My New Book | Microsoft Dynamics NAV 2013 (R2) Application Design

Finally! It has (almost) arrived.

On September 18th my new book Microsoft Dynamics NAV 2013 Application Design is scheduled to be shipped.


The book is packed with design patterns and walk throughs of both standard NAV and a ton of customisations.

It covers the application from Bookkeeping to Manufacturing and Sales & Purchasing to Jobs.

Inside the book I have designed two complete add-on product with application objects, design patterns and much more.

Ever wondered what the validation flow of the sales and puchase lines are? Did you know there are (at least) five ways to setup Warehouse Management? It’s all described in my book, which makes it perfect reading for both functional oriented people and technical folks.

You can pre-order the book from this link:

If you like the book, please also like the facebook page about the book here:

What You Will Learn

  • Set up and customize the Dynamics NAV ERP suite for various industries
  • Study dozens of design patterns used in standard applications
  • Customize Microsoft’s application features and extend them safely
  • Use blueprints, design patterns, and application objects for Equipment Reservations and Transport Management
  • Master the fundamentals of application design and learn about B2B and B2C interfacing
  • Design applications that strike a balance between total cost of ownership and functionality
  • Extend your core applications using interfaces with Flatfile, CSV, XMLPorts, ADO, EDIFACT, and Webservices

Forewords by Michael Nielsen, Director of Engineering for NAV at Microsoft and David Studebaker, co-author of Programming Microsoft Dynamics NAV 2013

Michael Nielsen

Most books about Microsoft Dynamics NAV are about the tooling and the platform – but this is different and describes the building blocks and the code and metadata patterns that the application is made up of. The foundation for the patterns was created many years ago when we developed  the first versions of Microsoft Dynamics NAV, and since then they have be reused over and over again by us and every developer in the partner channel through copy-paste. However, it was not until Marije and her friends in PRS, Gary and Waldo, re-discovered the patterns and started to write books. blog, teach and speak at conferences that they became broader known.

Over time, this has evolved into an larger effort in collaboration with Microsoft the Microsoft Dynamics NAV developer community that has improved the overall quality of customization projects and reduced the implementation time. This book is important because it describes the most used patterns and how to leverage them when you modify Microsoft Dynamics NAV to suit industry-specific needs. It also contains examples on how to create add-ons and other enhancements that are easily upgraded.
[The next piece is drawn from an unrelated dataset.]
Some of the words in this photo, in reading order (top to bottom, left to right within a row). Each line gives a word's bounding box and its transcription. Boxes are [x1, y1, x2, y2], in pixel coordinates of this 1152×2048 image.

Everything is based on Marijes huge experience of designing Microsoft Dynamics NAV implementations over almost two decades and expresses Marijes dedication to the Microsoft Dynamics NAV product and the many passionate people in the Microsoft Dynamics NAV community.

David Studebaker

Marije Brummel is the person other Microsoft Dynamics NAV experts go to when they have a really hard problem to solve.  In this book, Marije shares knowledge she has gained over the past two decades.  In my own work as a Microsoft Dynamics NAV consultant/developer, and as an author (writing three texts on programming in different versions of Microsoft Dynamics NAV), I’ve had the opportunity to draw on Marijes expertise many times.  By reading this book, you now have a chance to do the same.
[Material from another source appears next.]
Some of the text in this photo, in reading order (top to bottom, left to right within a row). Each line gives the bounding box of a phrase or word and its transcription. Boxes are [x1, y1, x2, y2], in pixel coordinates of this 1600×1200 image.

I’ve known Marije since we met at Tech-Ed in Boston in 2006.  Marije was already an accomplished analyst and developer, an expert in Microsoft Dynamics NAV and an MVP.  Marije had been invited to that conference by Microsoft to help represent Microsoft Dynamics NAV to the other technically expert attendees.  Since then, Marije has gained considerable experience and broadened her knowledge, particularly in the areas of business application problem solving using Microsoft Dynamics NAV.
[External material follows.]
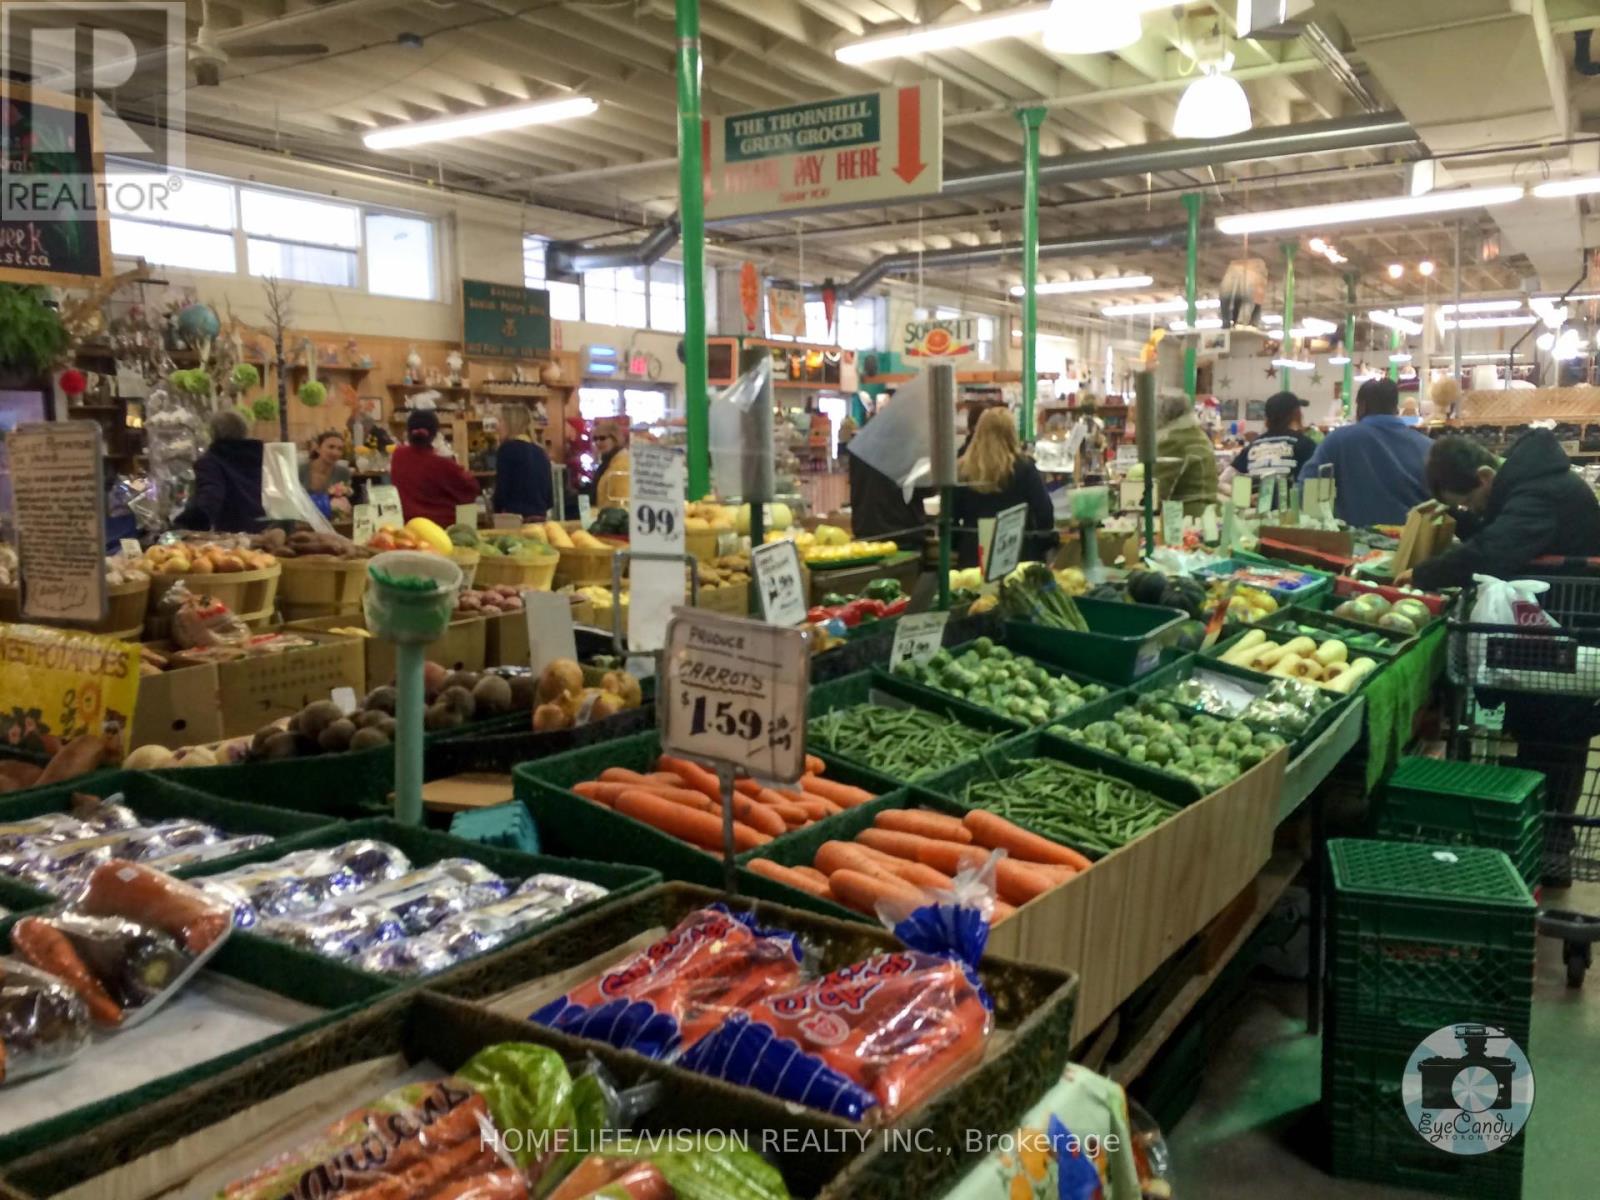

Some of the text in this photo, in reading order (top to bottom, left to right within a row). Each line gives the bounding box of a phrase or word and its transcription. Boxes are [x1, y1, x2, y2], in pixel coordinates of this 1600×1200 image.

Microsoft Dynamics NAV is a very special business software product.  Included in the product are a set of IDE tools designed for business applications development and tailored to Microsoft Dynamics NAV. This makes it easier to create enhancements to fit the needs of specific businesses.  As an integrated, full featured ERP system, Microsoft Dynamics NAV includes functionalities for accounting, order processing, inventory control, manufacturing, distribution, service management, materials planning and asset management.  This book provides examples of how to choose from and apply these in a variety of business situations.

Each new version of Microsoft Dynamics NAV has delivered both new application functionality and new technical capability.  Upcoming versions are becoming more compatible with “the Cloud”, mobile users and various user interface devices.  Each of these new capabilities expands the types of business applications to which Microsoft Dynamics NAV can appropriately be applied.  With a worldwide installed base already of well over 1,000,000 users, we know the uses of Microsoft Dynamics NAV are only limited by how creatively we apply our knowledge.  Read on, let Marije expand your knowledge, then use your own creativity to apply Microsoft Dynamics NAV to the needs of your business.

NAV 2013 R2 | Debugger Watches

I totaly love the concept of pages. They are easier to merge and upgrade and they way they render is awesome. However, they come with a few drawbacks. Some of them we already had in the classic client with forms, some are new.

One of the drawbacks is the lack of drag and drop. This was true for the classic client too.

A place in Dynamics NAV where it is very obvious what would be the value of drag and drop is the debugger. The debugger in NAV2013(R2) is designed as a page.

Like this:


In general it works pretty good. It is easier to break, toggle breakpoints and the fact that you can debug any user on the servicetier is just straigt from heaven.

But one of the things that was a 1000 times easier in the old debugger was watches. It is no longer possible to just drag and drop them.

However… I only recently found a neat trick and I figured “how is it that I did not notice this earlier”.

The AL codepart is developped as a client add-in which allows to send events to the page. One of the events is adding a watch while hovering over a variable like this:


Now take a close look at the icon


If you push the + sign the variable is added to the watchlist.

Personally I find myself pretty foolish not noticing it for more than like 2 or 3 years but hey, I might not be the only one.

Here is the event in AL:



NAV2013 | Excel Buffer

Editors Note : This article was moved from my old bolg.

The Excel Buffer table. Loved by many, unkown to most.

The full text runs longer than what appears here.